Cela exige de lutter pour des syndicats industriels regroupant dans une même organisation de lutte tous les travailleurs sur un site donné, y compris s’il s’agit de sous-traitants, d’entreprises françaises ou étrangères. Et cela en retour exige de lutter pour une nouvelle direction dans les syndicats, une direction révolutionnaire internationaliste remplaçant des bureaucrates qui se satisfont de la division des travailleurs syndiqués entre plusieurs syndicats concurrents, qui se satisfont même du faible nombre de syndiqués étant donné que c’est pour l’essentiel les patrons et l’Etat qui financent leur appareil.

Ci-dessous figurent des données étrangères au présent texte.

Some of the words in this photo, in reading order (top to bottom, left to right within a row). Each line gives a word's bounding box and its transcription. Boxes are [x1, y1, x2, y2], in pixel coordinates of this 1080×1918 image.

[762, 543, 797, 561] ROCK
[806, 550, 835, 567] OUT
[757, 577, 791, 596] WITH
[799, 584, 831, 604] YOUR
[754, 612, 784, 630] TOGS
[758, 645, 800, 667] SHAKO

La division de la classe ouvrière selon les frontières, avec le protectionnisme, va de pair avec la division des travailleurs à l’intérieur du pays selon des lignes ethniques, raciales ou sexuelles. Mélenchon, le plus clair avocat du protectionnisme parmi les candidats du mouvement ouvrier, n’a pratiquement rien à dire contre les campagnes racistes du gouvernement dans sa plaquette-programme de 96 pages. Il en va pourtant de l’unité du prolétariat multiethnique et multiracial de ce pays. Pleins droits de citoyenneté pour tous ceux qui sont ici ! A bas les expulsions de sans-papiers ! Le mouvement ouvrier doit défendre les jeunes de banlieue ! A bas la campagne raciste contre les femmes voilées !

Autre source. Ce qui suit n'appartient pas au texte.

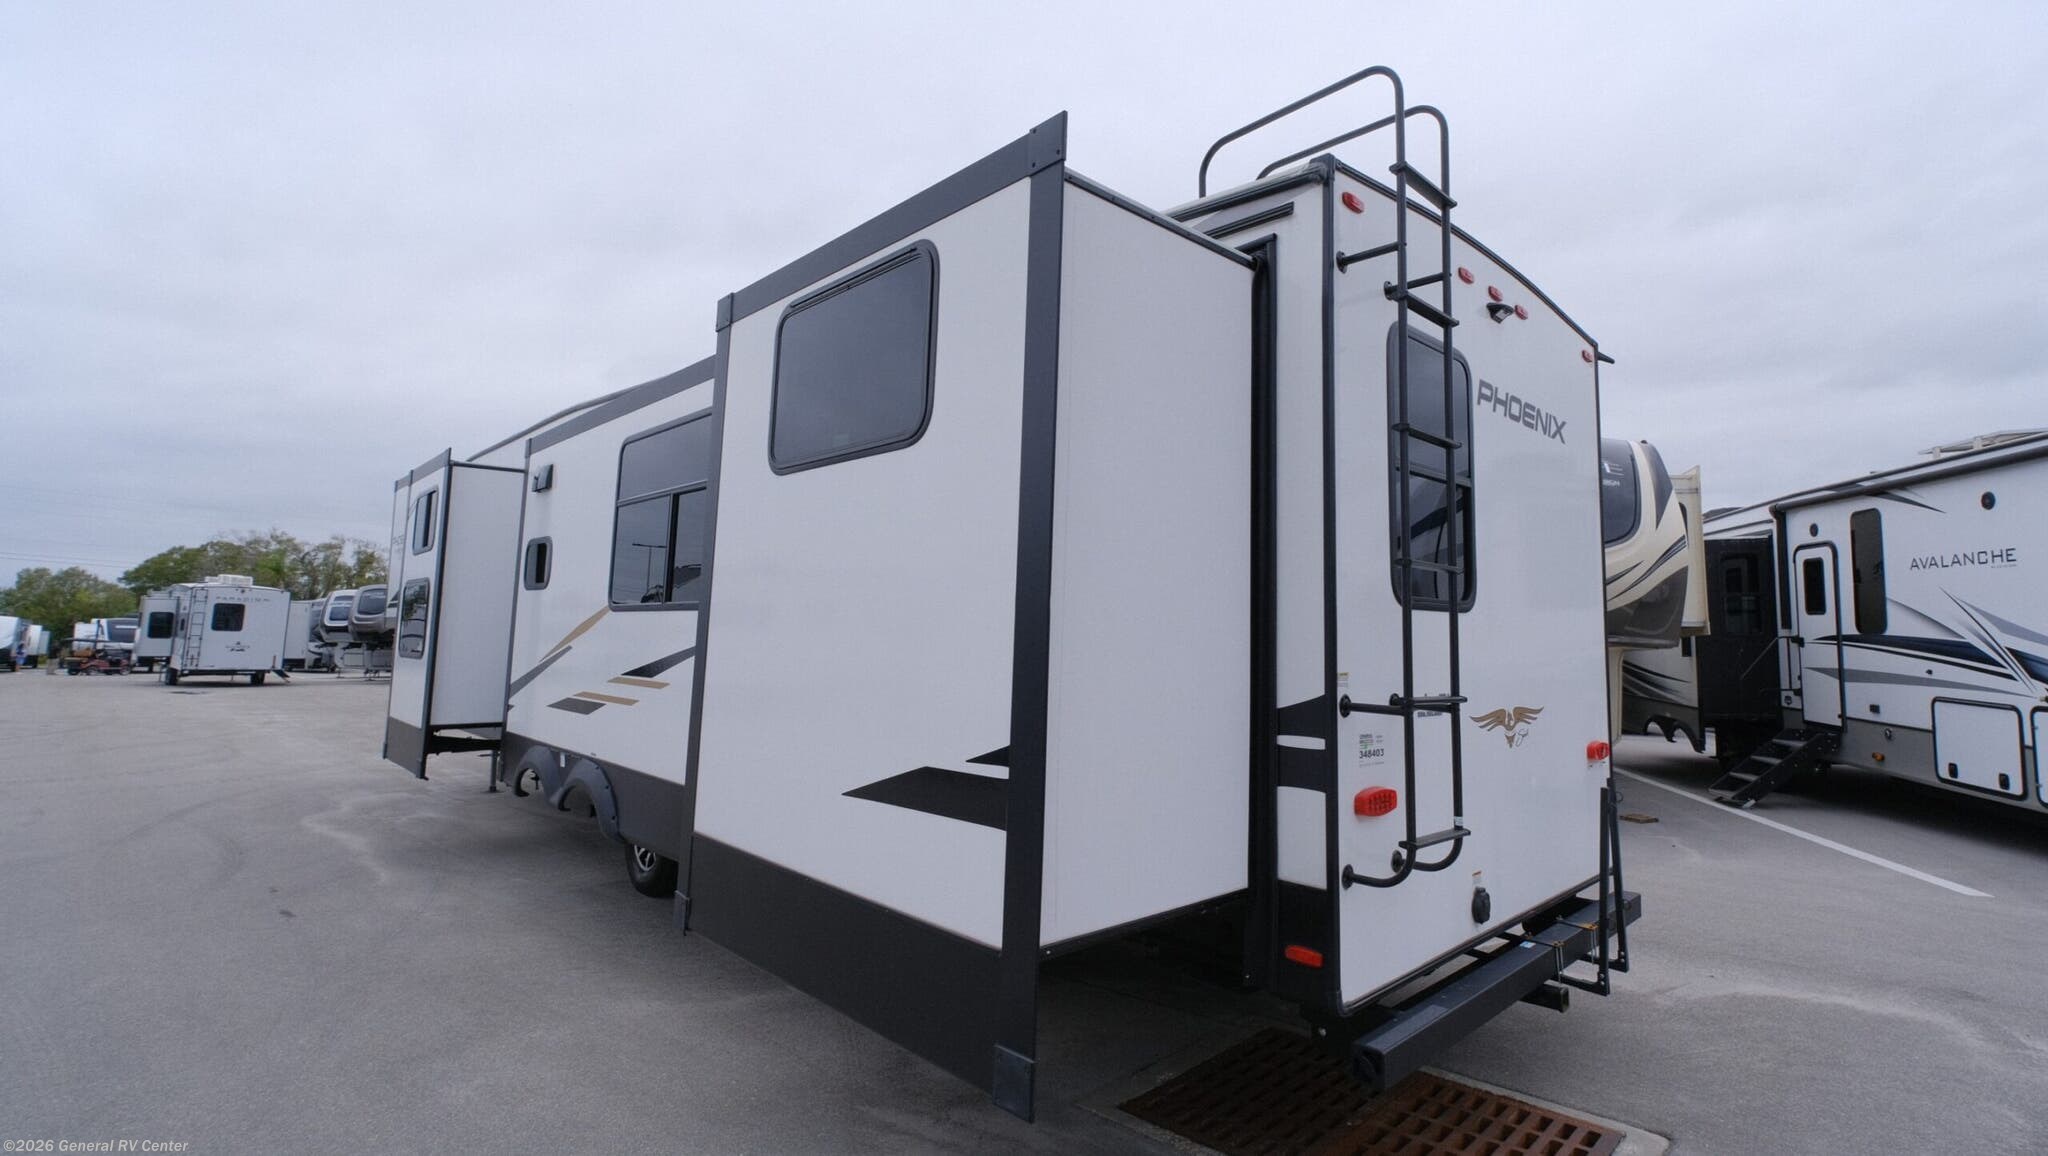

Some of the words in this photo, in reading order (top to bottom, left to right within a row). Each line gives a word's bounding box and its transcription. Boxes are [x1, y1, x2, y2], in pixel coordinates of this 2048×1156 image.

[1477, 379, 1566, 444] PHOENIX
[1910, 548, 2017, 570] AVALANCHE
[1359, 748, 1385, 759] 348403

LO se présente comme la vraie candidature PCF
Par rapport à ce marais, Nathalie Arthaud, la candidate de Lutte ouvrière, se présente comme la seule « candidature communiste ». Elle cherche à tirer profit des réticences initiales d’une partie significative des militants PCF à soutenir la candidature du jauressiste Mélenchon. (Jean Jaurès, qu’Engels traitait fort à propos de « phraseur », était à l’origine un radical bourgeois et sa politique n’évolua guère même quand il se déclara « socialiste ».) Mais le programme d’Arthaud n’a rien à voir avec le communisme. D’ailleurs l’UE, l’euro, LO a toujours été pour ; dans leur dernier document de conférence (Lutte de Classe n° 140, décembre 2011-janvier 2012) ils se lamentent que ces derniers temps « les quelques pas en avant faits par les bourgeoisies pour surmonter les rivalités nationales, comme dans le domaine de l’unification monétaire, sont aujourd’hui menacés ». Ils ont toujours célébré la soi-disant « ouverture des frontières » à l’intérieur de l’espace Schengen, alors qu’à tout moment il y a selon les estimations environ 100 000 personnes dans l’Union européenne qui sont en prison pour défaut de papiers, et 140 000 sont expulsées chaque année – et environ 15 000 personnes sont mortes en vingt ans en essayant de pénétrer cette forteresse raciste.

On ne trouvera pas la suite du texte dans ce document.